2 a.m. alert


It was a small but noisy thunderstorm that cruised through town in the wee hours Sunday morning and I might have been able to sleep through it if the weather alert radio hadn’t gone off.  The alert was a warning of possible flooding.  The only people that would hear the alarm are those who are home sleeping in their beds and in no danger from high water in our part of the world.  The drunks out on the road at that time of night aren’t  going to hear the alarm and probably wouldn’t respond appropriately if they did.  If there is a tornado hovering overhead or on the ground at the edge of town, well, fine, go ahead and wake us up.  But don’t interrupt the sweet slumber of the righteous for the possibility of flash flooding.  As it turned out we only got three tenths of an inch of rain, hardly enough to threaten anyone with any sense.  Granted, even after the three or four days of dry weather since the two three inches accumulated over last weekend the ground isn’t going absorb water very fast, but that little squall wasn’t going to create enough runoff to shake a stick at, even if there was anybody out on the roads to shake a stick.

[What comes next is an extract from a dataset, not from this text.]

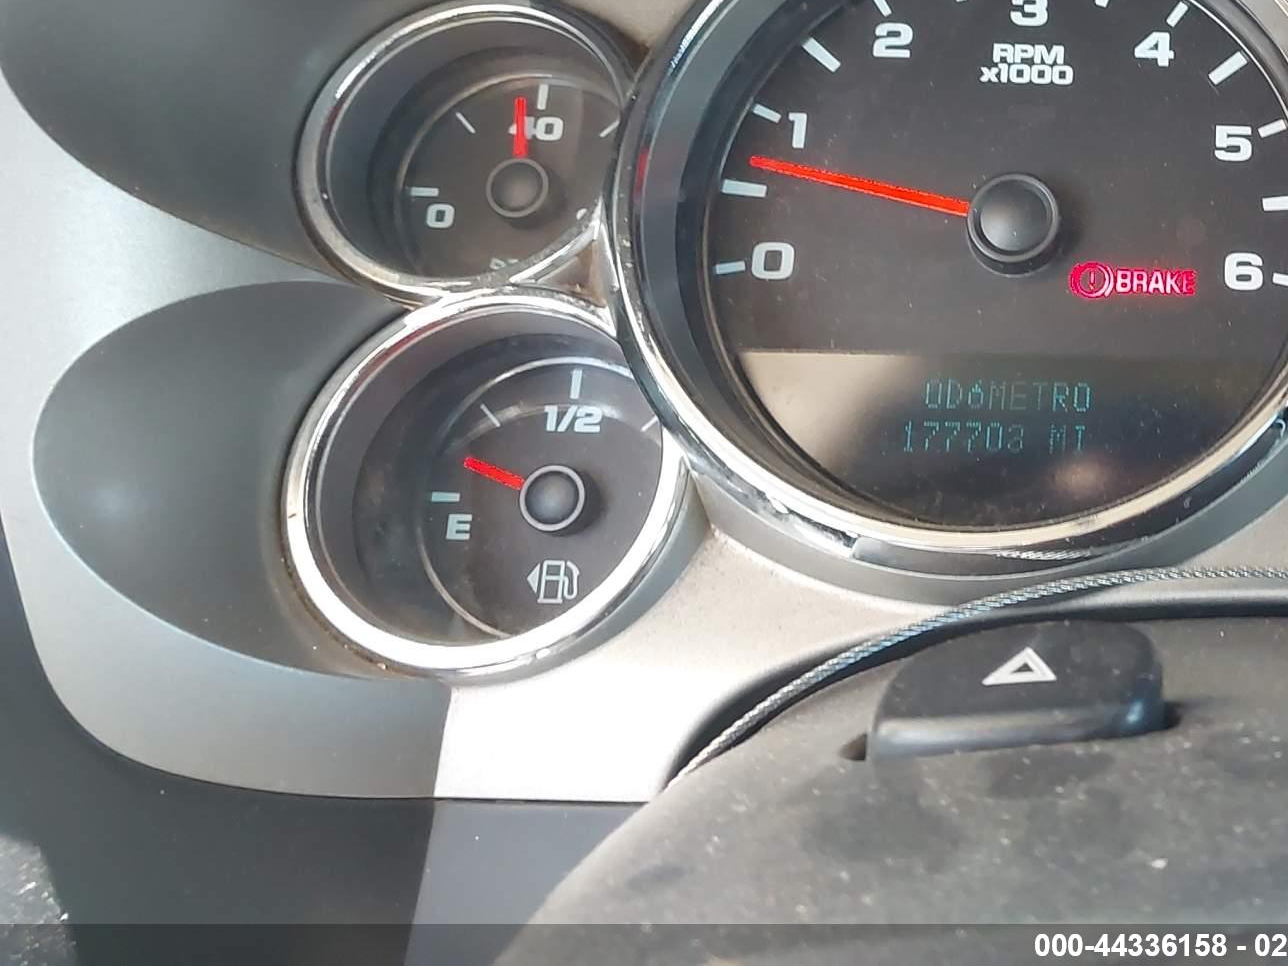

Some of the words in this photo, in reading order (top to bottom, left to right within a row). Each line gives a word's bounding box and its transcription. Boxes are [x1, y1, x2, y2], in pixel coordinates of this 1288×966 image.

Our neighbors made it home from Hawaii Tuesday instead of Monday like they were supposed to.  Their flight was cancelled due to a mechanical problem so they got to spend an extra day in paradise, only spending the time waiting in the airport, then being shuttled to a hotel, then back to the airport early the next morning, well, they might as well have been in Omaha as Oahu.  Tino was grief-stricken when he found out they wouldn’t make it home Tuesday as planned.  I had to hold his paw while he cried down my back.  But make it home they did and after a very busy July, life on SA has settled down to what passes for normal these days.  As it was, Abigail was going to miss a day of volleyball tryouts and the extra day jeopardized her chances of making the Tascosa freshman team.  She managed to pull if off, though, and played in a scrimmage in Hereford Saturday for her trouble.  Volleyball practice and games are going to keep her quite busy, as if starting her high school career wasn’t going to be challenging enough.

Joyce was immediately faced with trying to untangle her tomato patch when we got back from our cruise.  Luckily she had some little helpers adept at reaching into the tangle and extracting ripe tomatoes, their small hands and size generally making them just right to navigate the jungle.  Unfortunately they went home only a couple of days after we got back.  While I can mow at a more leisurely pace now, it is still a constant job.  As soon as a finish going over the whole place I have to begin again.  I shant complain, though.  It sure beats dragging hose over crispy grass trying to keep trees alive.

There are half a dozen basketball -size water melons ripening in the front yard and more kittens around.  We saw a cottontail on the place recently, the first in years.  Some of the tadpoles we collected earlier in the summer have survived to become frogs.  Only time will tell whether any of these will live long enough to reproduce.   The little fish, minnow-sized shiners I think they are, we collected at the same time as the tadpoles seem to be proliferating in the pond.  Maybe they aren’t good for anything but it is nice to have a full range of native aquatic fauna if possible.